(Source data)
Segment Open
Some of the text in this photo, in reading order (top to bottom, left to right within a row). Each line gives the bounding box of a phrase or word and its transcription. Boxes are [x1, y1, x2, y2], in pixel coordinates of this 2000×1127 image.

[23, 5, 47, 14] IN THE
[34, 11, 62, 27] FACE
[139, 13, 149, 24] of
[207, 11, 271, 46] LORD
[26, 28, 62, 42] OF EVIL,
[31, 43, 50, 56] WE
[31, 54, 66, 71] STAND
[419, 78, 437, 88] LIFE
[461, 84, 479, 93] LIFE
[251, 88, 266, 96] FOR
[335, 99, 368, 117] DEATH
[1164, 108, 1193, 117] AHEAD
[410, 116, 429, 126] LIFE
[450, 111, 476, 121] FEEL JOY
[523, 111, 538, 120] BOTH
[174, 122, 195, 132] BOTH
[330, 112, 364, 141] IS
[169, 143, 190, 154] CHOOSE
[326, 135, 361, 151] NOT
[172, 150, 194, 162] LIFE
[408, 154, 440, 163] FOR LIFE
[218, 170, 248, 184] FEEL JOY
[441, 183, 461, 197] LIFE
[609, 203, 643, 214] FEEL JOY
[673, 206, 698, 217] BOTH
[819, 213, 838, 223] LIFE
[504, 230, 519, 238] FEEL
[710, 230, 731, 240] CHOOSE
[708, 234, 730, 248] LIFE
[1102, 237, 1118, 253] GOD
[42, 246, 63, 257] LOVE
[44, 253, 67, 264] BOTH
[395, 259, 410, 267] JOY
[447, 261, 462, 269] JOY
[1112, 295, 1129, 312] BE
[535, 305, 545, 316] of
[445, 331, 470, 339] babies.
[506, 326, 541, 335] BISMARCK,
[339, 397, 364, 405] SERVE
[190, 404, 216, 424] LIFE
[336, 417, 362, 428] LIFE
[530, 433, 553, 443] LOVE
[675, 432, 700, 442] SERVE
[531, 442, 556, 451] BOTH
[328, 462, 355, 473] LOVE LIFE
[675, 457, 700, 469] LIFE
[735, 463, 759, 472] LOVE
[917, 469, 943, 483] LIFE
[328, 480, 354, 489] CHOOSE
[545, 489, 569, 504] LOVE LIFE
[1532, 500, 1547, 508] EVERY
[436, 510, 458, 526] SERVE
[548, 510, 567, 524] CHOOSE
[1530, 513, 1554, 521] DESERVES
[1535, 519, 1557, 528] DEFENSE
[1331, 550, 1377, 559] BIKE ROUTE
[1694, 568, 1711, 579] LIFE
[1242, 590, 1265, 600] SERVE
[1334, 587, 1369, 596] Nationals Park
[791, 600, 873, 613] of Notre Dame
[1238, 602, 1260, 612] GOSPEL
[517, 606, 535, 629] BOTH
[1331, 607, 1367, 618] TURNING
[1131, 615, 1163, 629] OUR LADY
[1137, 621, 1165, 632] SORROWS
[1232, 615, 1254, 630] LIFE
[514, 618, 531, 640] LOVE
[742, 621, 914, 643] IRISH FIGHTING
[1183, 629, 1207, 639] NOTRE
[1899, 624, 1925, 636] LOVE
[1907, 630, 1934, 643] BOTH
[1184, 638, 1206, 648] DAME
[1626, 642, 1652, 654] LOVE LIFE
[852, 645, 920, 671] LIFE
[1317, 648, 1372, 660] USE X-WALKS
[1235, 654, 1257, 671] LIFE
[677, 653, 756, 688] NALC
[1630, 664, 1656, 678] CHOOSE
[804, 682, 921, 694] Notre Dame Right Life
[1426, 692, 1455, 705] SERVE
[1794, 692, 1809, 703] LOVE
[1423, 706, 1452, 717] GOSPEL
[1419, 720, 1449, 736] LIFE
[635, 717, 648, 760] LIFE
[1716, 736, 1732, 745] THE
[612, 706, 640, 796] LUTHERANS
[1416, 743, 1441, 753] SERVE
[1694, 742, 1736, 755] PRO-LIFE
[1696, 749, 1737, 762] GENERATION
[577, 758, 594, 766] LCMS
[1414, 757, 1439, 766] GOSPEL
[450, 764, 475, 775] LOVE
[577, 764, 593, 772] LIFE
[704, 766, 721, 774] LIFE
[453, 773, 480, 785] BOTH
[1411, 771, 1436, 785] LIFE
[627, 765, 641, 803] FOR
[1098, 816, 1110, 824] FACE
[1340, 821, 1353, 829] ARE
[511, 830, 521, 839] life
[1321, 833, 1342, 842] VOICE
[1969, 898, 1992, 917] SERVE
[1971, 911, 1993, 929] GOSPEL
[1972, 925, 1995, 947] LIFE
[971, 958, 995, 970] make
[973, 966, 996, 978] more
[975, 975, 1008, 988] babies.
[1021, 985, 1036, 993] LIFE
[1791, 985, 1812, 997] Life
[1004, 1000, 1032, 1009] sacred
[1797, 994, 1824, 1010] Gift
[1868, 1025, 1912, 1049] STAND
Segment Closed
▸ Action item
Please transcribe the records in full, keeping every word as it is.

▸ Task result
Some of the text in this photo, in reading order (top to bottom, left to right within a row). Each line gives the bounding box of a phrase or word and its transcription. Boxes are [x1, y1, x2, y2], in pixel coordinates of this 2000×1127 image.

[23, 5, 47, 14] IN THE
[34, 11, 62, 27] FACE
[139, 13, 149, 24] of
[207, 11, 271, 46] LORD
[26, 28, 62, 42] OF EVIL,
[31, 43, 50, 56] WE
[31, 54, 66, 71] STAND
[419, 78, 437, 88] LIFE
[461, 84, 479, 93] LIFE
[251, 88, 266, 96] FOR
[335, 99, 368, 117] DEATH
[1164, 108, 1193, 117] AHEAD
[410, 116, 429, 126] LIFE
[450, 111, 476, 121] FEEL JOY
[523, 111, 538, 120] BOTH
[174, 122, 195, 132] BOTH
[330, 112, 364, 141] IS
[169, 143, 190, 154] CHOOSE
[326, 135, 361, 151] NOT
[172, 150, 194, 162] LIFE
[408, 154, 440, 163] FOR LIFE
[218, 170, 248, 184] FEEL JOY
[441, 183, 461, 197] LIFE
[609, 203, 643, 214] FEEL JOY
[673, 206, 698, 217] BOTH
[819, 213, 838, 223] LIFE
[504, 230, 519, 238] FEEL
[710, 230, 731, 240] CHOOSE
[708, 234, 730, 248] LIFE
[1102, 237, 1118, 253] GOD
[42, 246, 63, 257] LOVE
[44, 253, 67, 264] BOTH
[395, 259, 410, 267] JOY
[447, 261, 462, 269] JOY
[1112, 295, 1129, 312] BE
[535, 305, 545, 316] of
[445, 331, 470, 339] babies.
[506, 326, 541, 335] BISMARCK,
[339, 397, 364, 405] SERVE
[190, 404, 216, 424] LIFE
[336, 417, 362, 428] LIFE
[530, 433, 553, 443] LOVE
[675, 432, 700, 442] SERVE
[531, 442, 556, 451] BOTH
[328, 462, 355, 473] LOVE LIFE
[675, 457, 700, 469] LIFE
[735, 463, 759, 472] LOVE
[917, 469, 943, 483] LIFE
[328, 480, 354, 489] CHOOSE
[545, 489, 569, 504] LOVE LIFE
[1532, 500, 1547, 508] EVERY
[436, 510, 458, 526] SERVE
[548, 510, 567, 524] CHOOSE
[1530, 513, 1554, 521] DESERVES
[1535, 519, 1557, 528] DEFENSE
[1331, 550, 1377, 559] BIKE ROUTE
[1694, 568, 1711, 579] LIFE
[1242, 590, 1265, 600] SERVE
[1334, 587, 1369, 596] Nationals Park
[791, 600, 873, 613] of Notre Dame
[1238, 602, 1260, 612] GOSPEL
[517, 606, 535, 629] BOTH
[1331, 607, 1367, 618] TURNING
[1131, 615, 1163, 629] OUR LADY
[1137, 621, 1165, 632] SORROWS
[1232, 615, 1254, 630] LIFE
[514, 618, 531, 640] LOVE
[742, 621, 914, 643] IRISH FIGHTING
[1183, 629, 1207, 639] NOTRE
[1899, 624, 1925, 636] LOVE
[1907, 630, 1934, 643] BOTH
[1184, 638, 1206, 648] DAME
[1626, 642, 1652, 654] LOVE LIFE
[852, 645, 920, 671] LIFE
[1317, 648, 1372, 660] USE X-WALKS
[1235, 654, 1257, 671] LIFE
[677, 653, 756, 688] NALC
[1630, 664, 1656, 678] CHOOSE
[804, 682, 921, 694] Notre Dame Right Life
[1426, 692, 1455, 705] SERVE
[1794, 692, 1809, 703] LOVE
[1423, 706, 1452, 717] GOSPEL
[1419, 720, 1449, 736] LIFE
[635, 717, 648, 760] LIFE
[1716, 736, 1732, 745] THE
[612, 706, 640, 796] LUTHERANS
[1416, 743, 1441, 753] SERVE
[1694, 742, 1736, 755] PRO-LIFE
[1696, 749, 1737, 762] GENERATION
[577, 758, 594, 766] LCMS
[1414, 757, 1439, 766] GOSPEL
[450, 764, 475, 775] LOVE
[577, 764, 593, 772] LIFE
[704, 766, 721, 774] LIFE
[453, 773, 480, 785] BOTH
[1411, 771, 1436, 785] LIFE
[627, 765, 641, 803] FOR
[1098, 816, 1110, 824] FACE
[1340, 821, 1353, 829] ARE
[511, 830, 521, 839] life
[1321, 833, 1342, 842] VOICE
[1969, 898, 1992, 917] SERVE
[1971, 911, 1993, 929] GOSPEL
[1972, 925, 1995, 947] LIFE
[971, 958, 995, 970] make
[973, 966, 996, 978] more
[975, 975, 1008, 988] babies.
[1021, 985, 1036, 993] LIFE
[1791, 985, 1812, 997] Life
[1004, 1000, 1032, 1009] sacred
[1797, 994, 1824, 1010] Gift
[1868, 1025, 1912, 1049] STAND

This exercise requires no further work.